Every record that follows must be duplicated exactly, with images left out.
+++
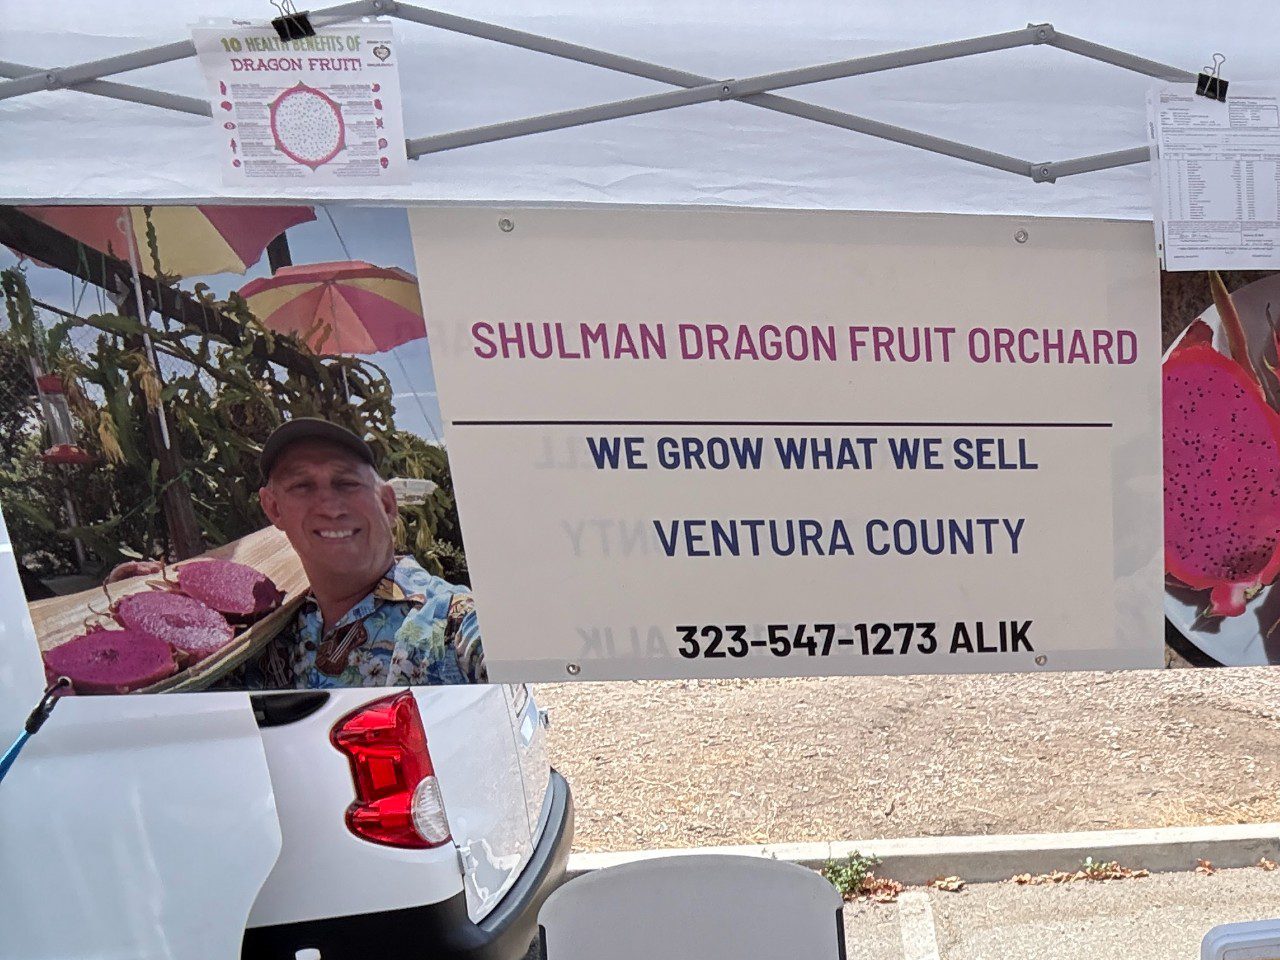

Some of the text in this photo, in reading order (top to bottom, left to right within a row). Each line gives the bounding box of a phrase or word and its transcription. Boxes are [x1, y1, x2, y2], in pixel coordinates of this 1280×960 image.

[220, 35, 362, 52] 10 HEALTH BENEFITS OF
[230, 58, 302, 72] DRAGON
[307, 58, 362, 72] FRUIT!
[471, 321, 668, 360] SHULMAN
[678, 323, 837, 361] DRAGON
[849, 325, 956, 363] FRUIT
[968, 327, 1138, 365] ORCHARD
[586, 436, 648, 470] WE
[656, 436, 763, 470] GROW
[773, 436, 878, 470] WHAT
[887, 437, 944, 470] WE
[953, 437, 1039, 470] SELL
[652, 518, 855, 557] VENTURA
[865, 517, 1026, 556] COUNTY
[675, 619, 1035, 659] 323-547-1273 ALIK
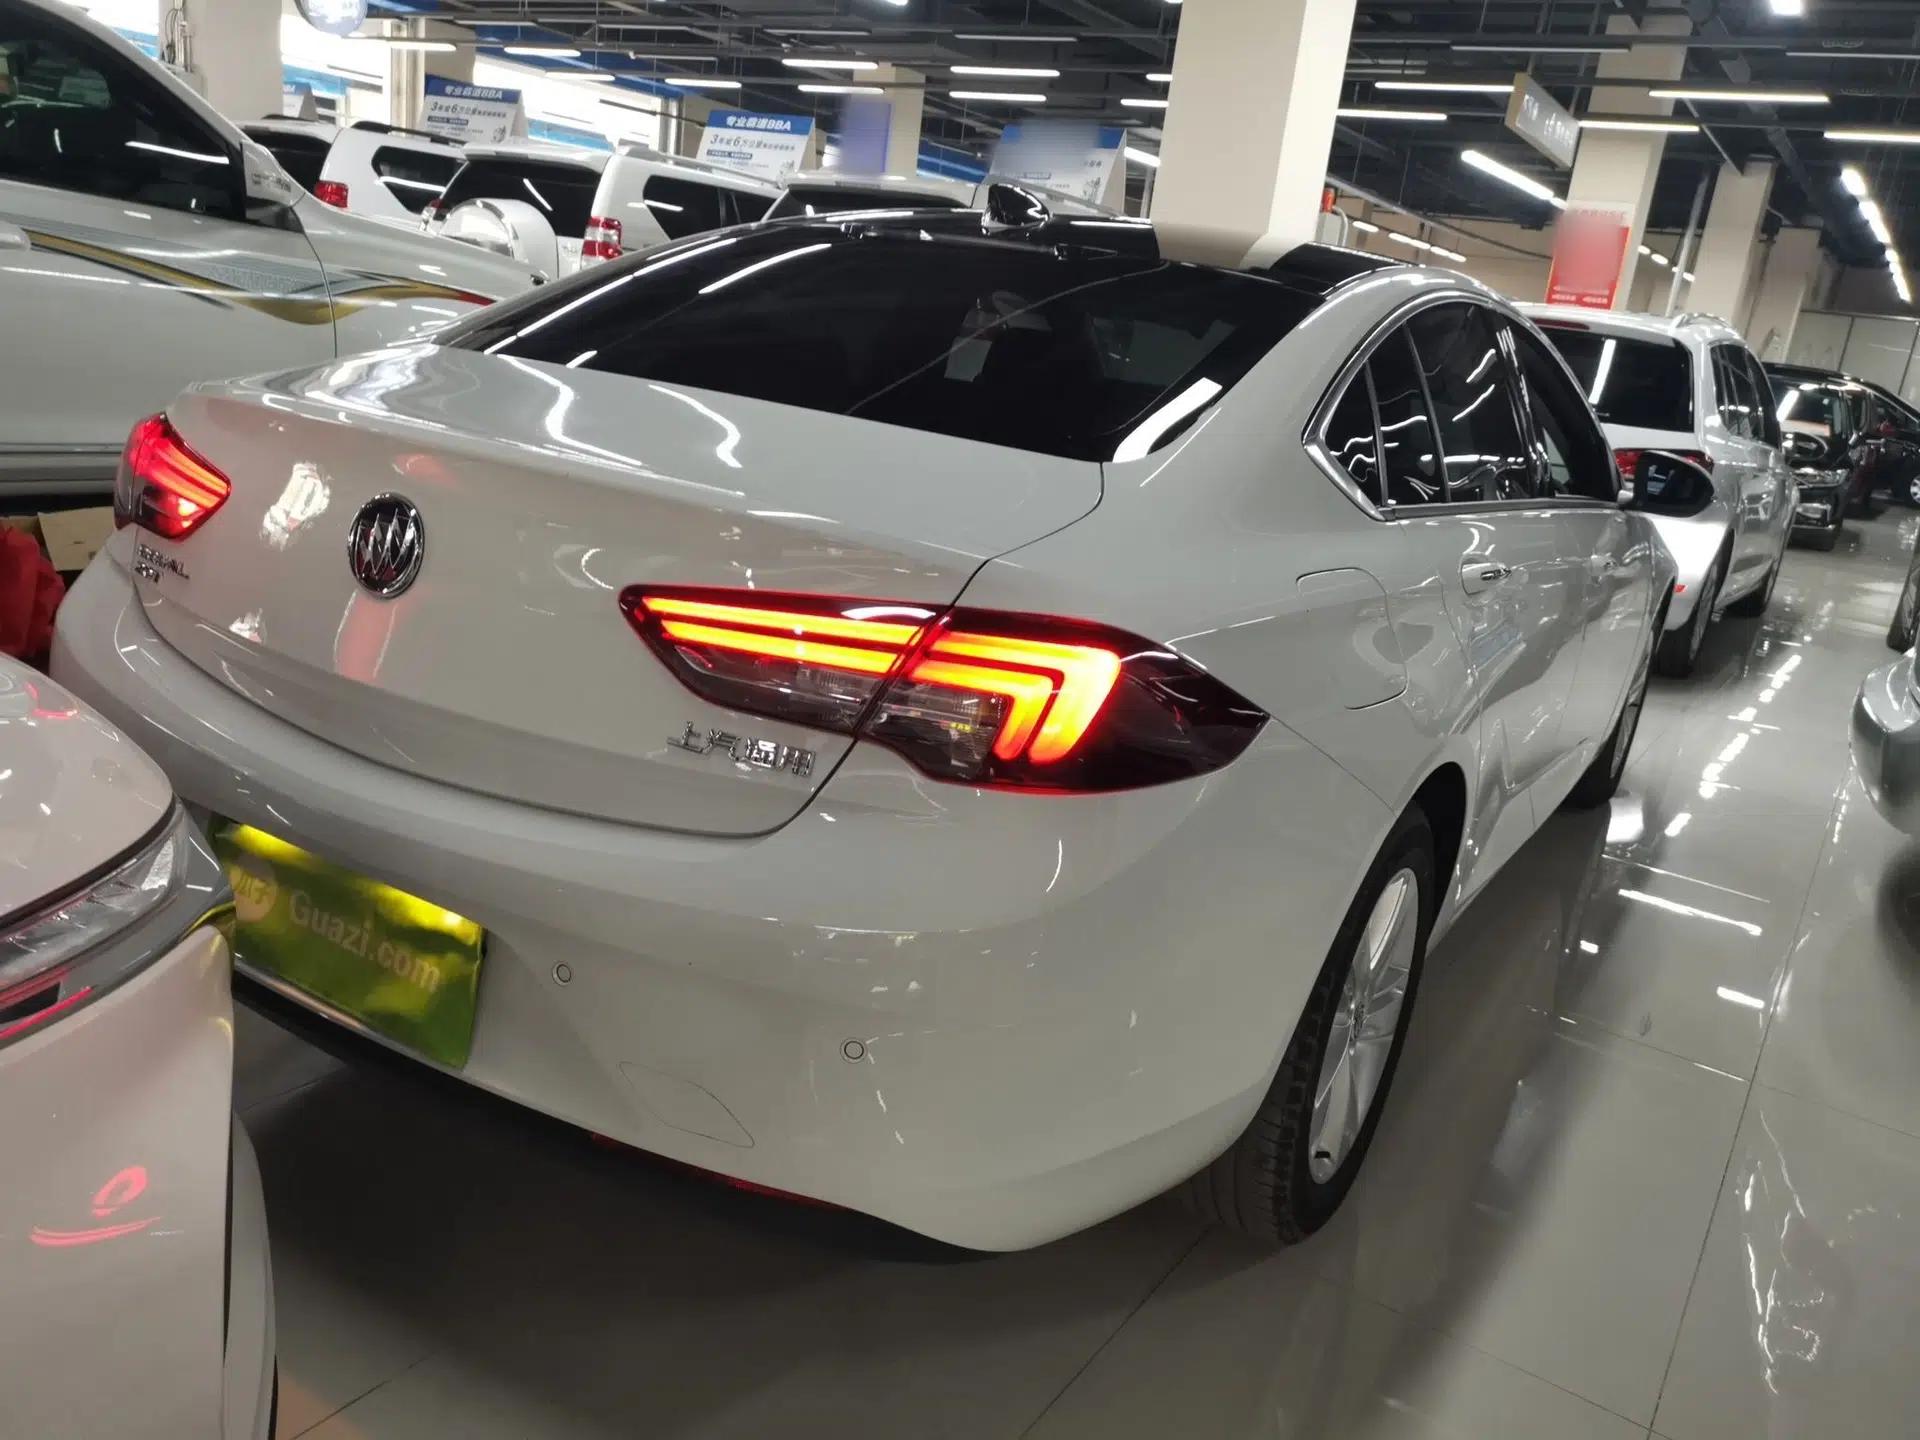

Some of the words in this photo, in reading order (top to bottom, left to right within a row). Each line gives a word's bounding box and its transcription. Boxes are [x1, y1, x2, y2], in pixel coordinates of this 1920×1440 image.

[667, 721, 816, 777] 上汽通用
[289, 889, 441, 994] Guazi.com
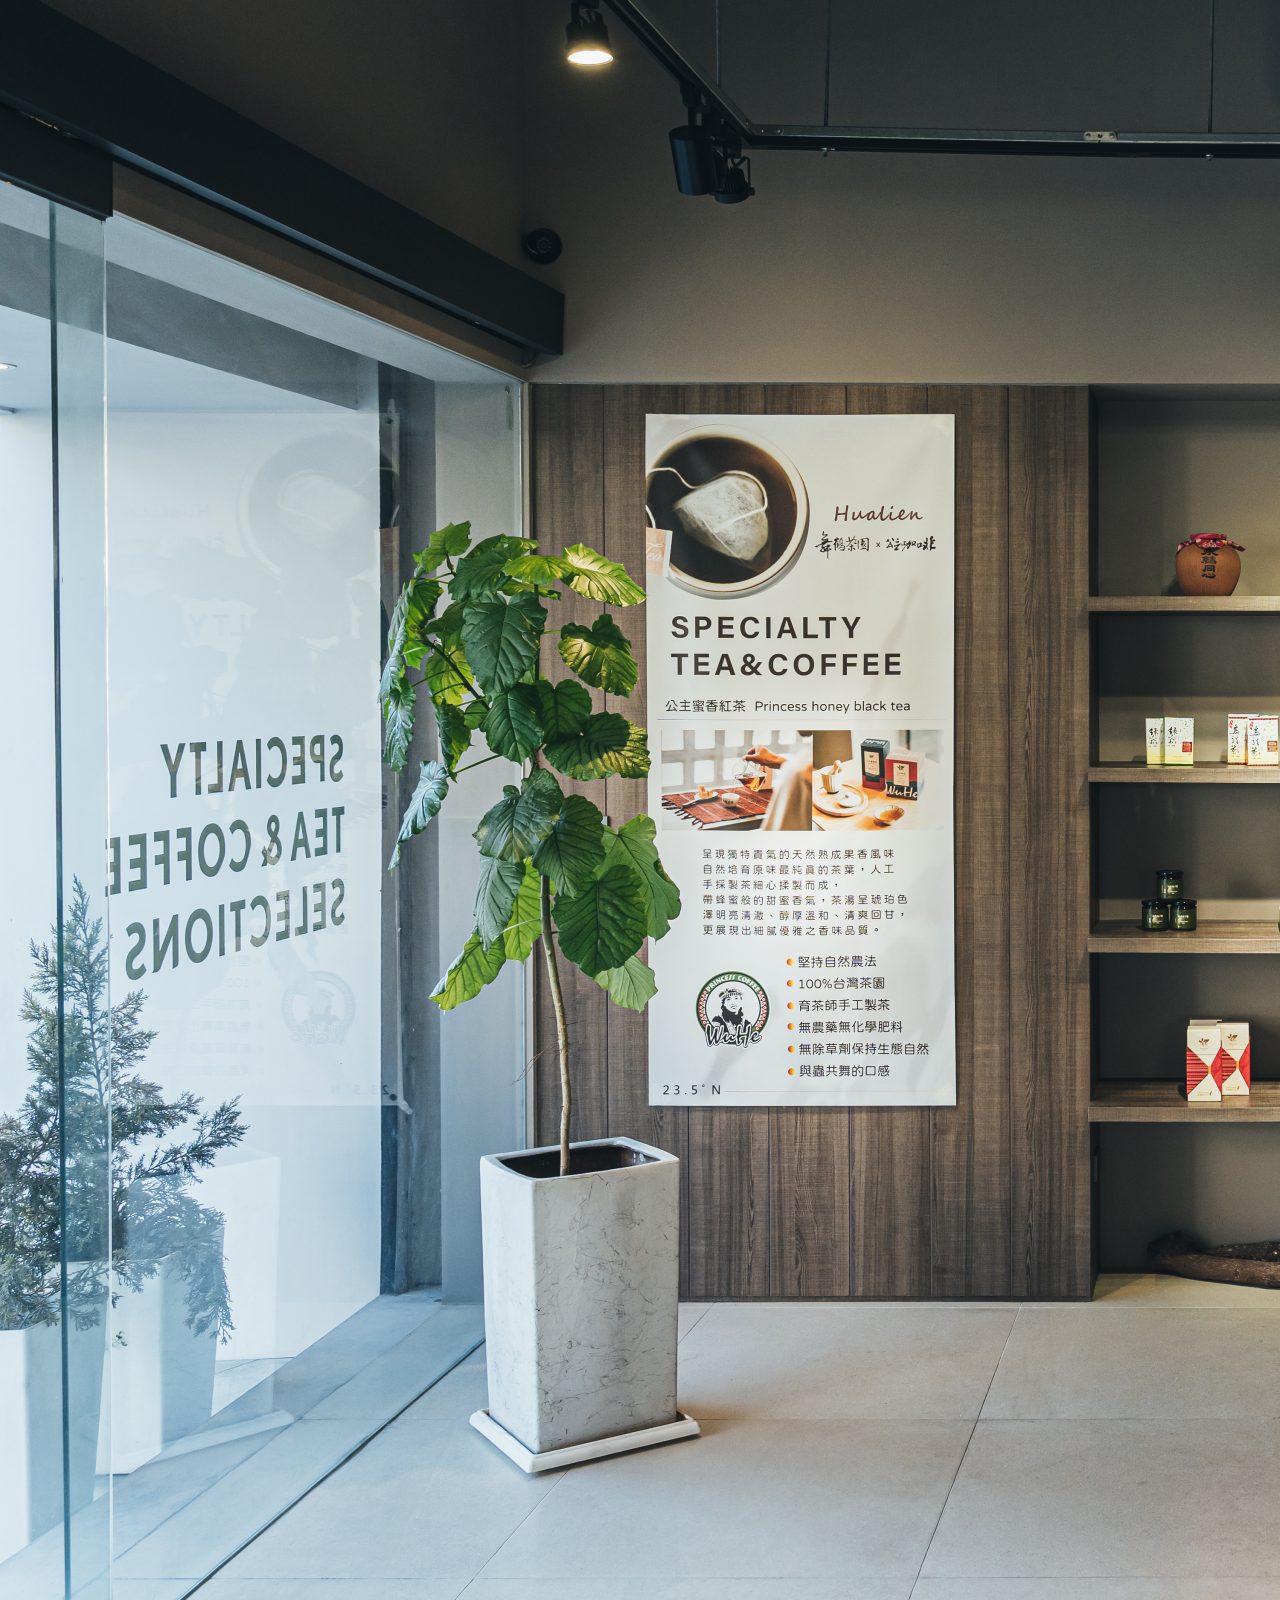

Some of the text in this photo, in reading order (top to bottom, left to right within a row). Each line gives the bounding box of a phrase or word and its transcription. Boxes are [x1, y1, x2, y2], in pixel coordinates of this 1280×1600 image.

[834, 504, 924, 522] Hualien
[671, 615, 862, 639] SPECIALTY
[670, 653, 902, 677] TEA&COFFEE
[665, 699, 911, 715] 公主蜜香紅茶 Princess honey black tea
[798, 954, 877, 968] 堅持自然農法
[705, 974, 761, 993] PRINCESS COFFEE
[799, 976, 885, 990] 100%台灣茶園
[798, 998, 891, 1012] 育茶師手工製茶
[798, 1020, 903, 1034] 無農藥無化學肥料
[705, 1023, 763, 1048] WuHe
[798, 1042, 930, 1056] 無除草劑保持生態自然
[799, 1064, 891, 1078] 與蟲共舞的口感
+++
## [EXPECTED ANSWER]
Some of the text in this photo, in reading order (top to bottom, left to right within a row). Each line gives the bounding box of a phrase or word and its transcription. Boxes are [x1, y1, x2, y2], in pixel coordinates of this 1280×960 image.

[220, 35, 362, 52] 10 HEALTH BENEFITS OF
[230, 58, 302, 72] DRAGON
[307, 58, 362, 72] FRUIT!
[471, 321, 668, 360] SHULMAN
[678, 323, 837, 361] DRAGON
[849, 325, 956, 363] FRUIT
[968, 327, 1138, 365] ORCHARD
[586, 436, 648, 470] WE
[656, 436, 763, 470] GROW
[773, 436, 878, 470] WHAT
[887, 437, 944, 470] WE
[953, 437, 1039, 470] SELL
[652, 518, 855, 557] VENTURA
[865, 517, 1026, 556] COUNTY
[675, 619, 1035, 659] 323-547-1273 ALIK

Some of the words in this photo, in reading order (top to bottom, left to right within a row). Each line gives a word's bounding box and its transcription. Boxes are [x1, y1, x2, y2], in pixel coordinates of this 1920×1440 image.

[667, 721, 816, 777] 上汽通用
[289, 889, 441, 994] Guazi.com

Some of the text in this photo, in reading order (top to bottom, left to right within a row). Each line gives the bounding box of a phrase or word and its transcription. Boxes are [x1, y1, x2, y2], in pixel coordinates of this 1280×1600 image.

[834, 504, 924, 522] Hualien
[671, 615, 862, 639] SPECIALTY
[670, 653, 902, 677] TEA&COFFEE
[665, 699, 911, 715] 公主蜜香紅茶 Princess honey black tea
[798, 954, 877, 968] 堅持自然農法
[705, 974, 761, 993] PRINCESS COFFEE
[799, 976, 885, 990] 100%台灣茶園
[798, 998, 891, 1012] 育茶師手工製茶
[798, 1020, 903, 1034] 無農藥無化學肥料
[705, 1023, 763, 1048] WuHe
[798, 1042, 930, 1056] 無除草劑保持生態自然
[799, 1064, 891, 1078] 與蟲共舞的口感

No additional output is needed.